*Data excerpts*:
*** Begin section ***

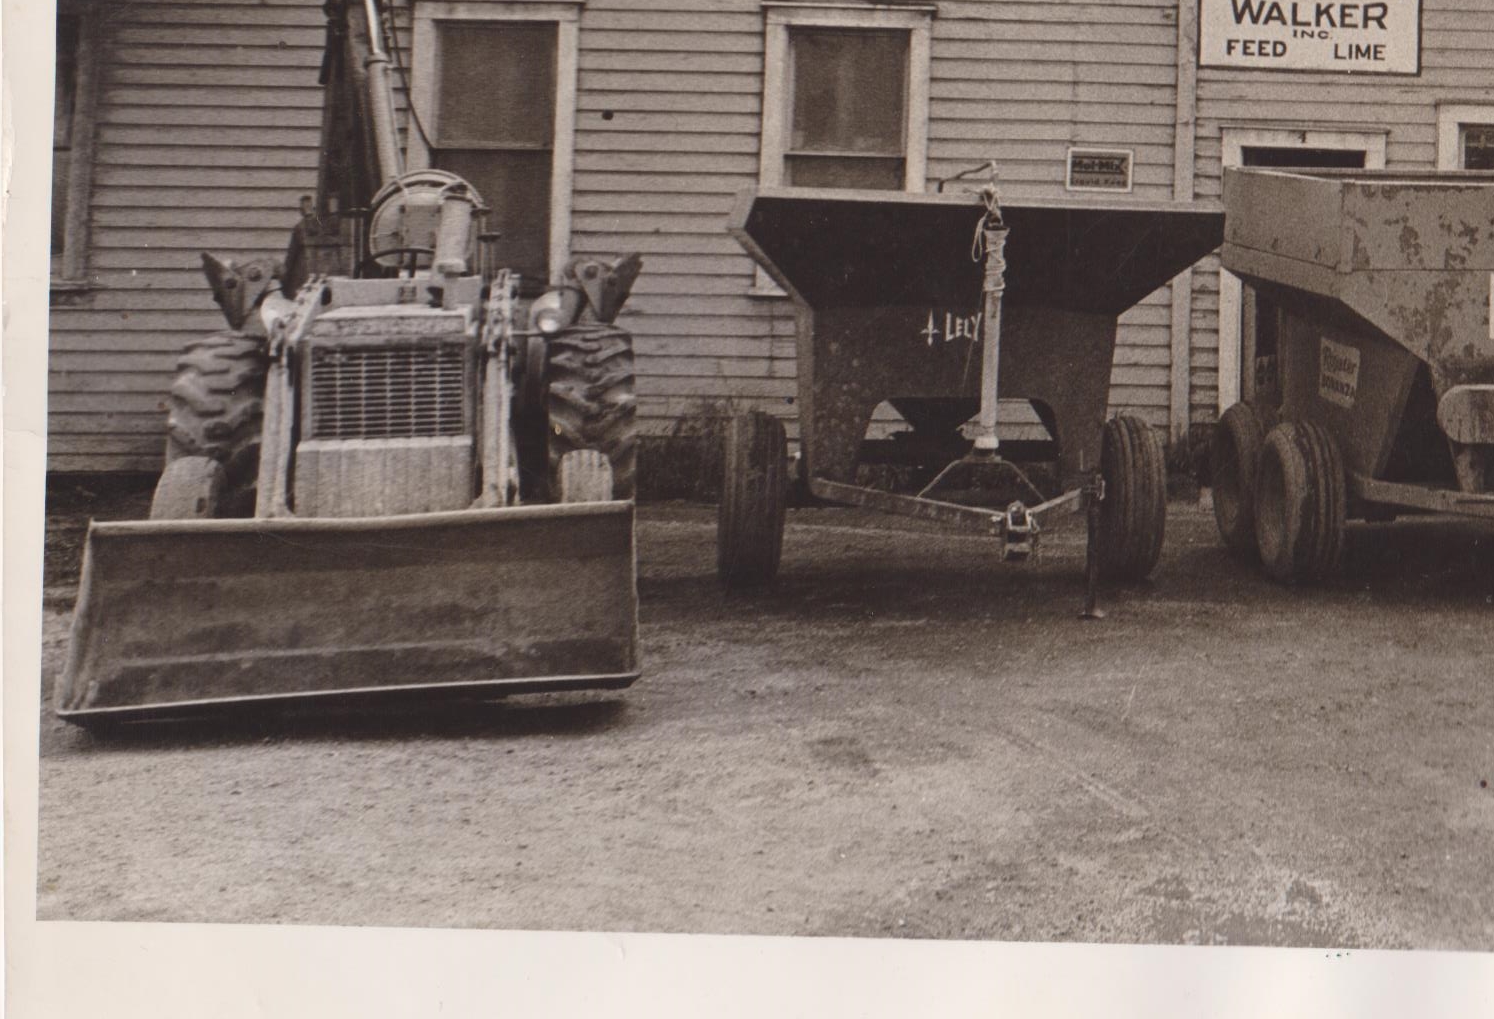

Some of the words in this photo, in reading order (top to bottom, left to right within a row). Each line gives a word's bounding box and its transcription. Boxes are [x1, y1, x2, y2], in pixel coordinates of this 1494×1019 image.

[1292, 30, 1333, 40] INC.
[1226, 39, 1287, 58] FEED
[1334, 43, 1386, 61] LIME
[945, 312, 982, 342] LELY

*** End section ***

*Exercise*:
Pictures aside, repeat each entry in full and without change.

*Task solution*:
Some of the words in this photo, in reading order (top to bottom, left to right within a row). Each line gives a word's bounding box and its transcription. Boxes are [x1, y1, x2, y2], in pixel coordinates of this 1494×1019 image.

[1292, 30, 1333, 40] INC.
[1226, 39, 1287, 58] FEED
[1334, 43, 1386, 61] LIME
[945, 312, 982, 342] LELY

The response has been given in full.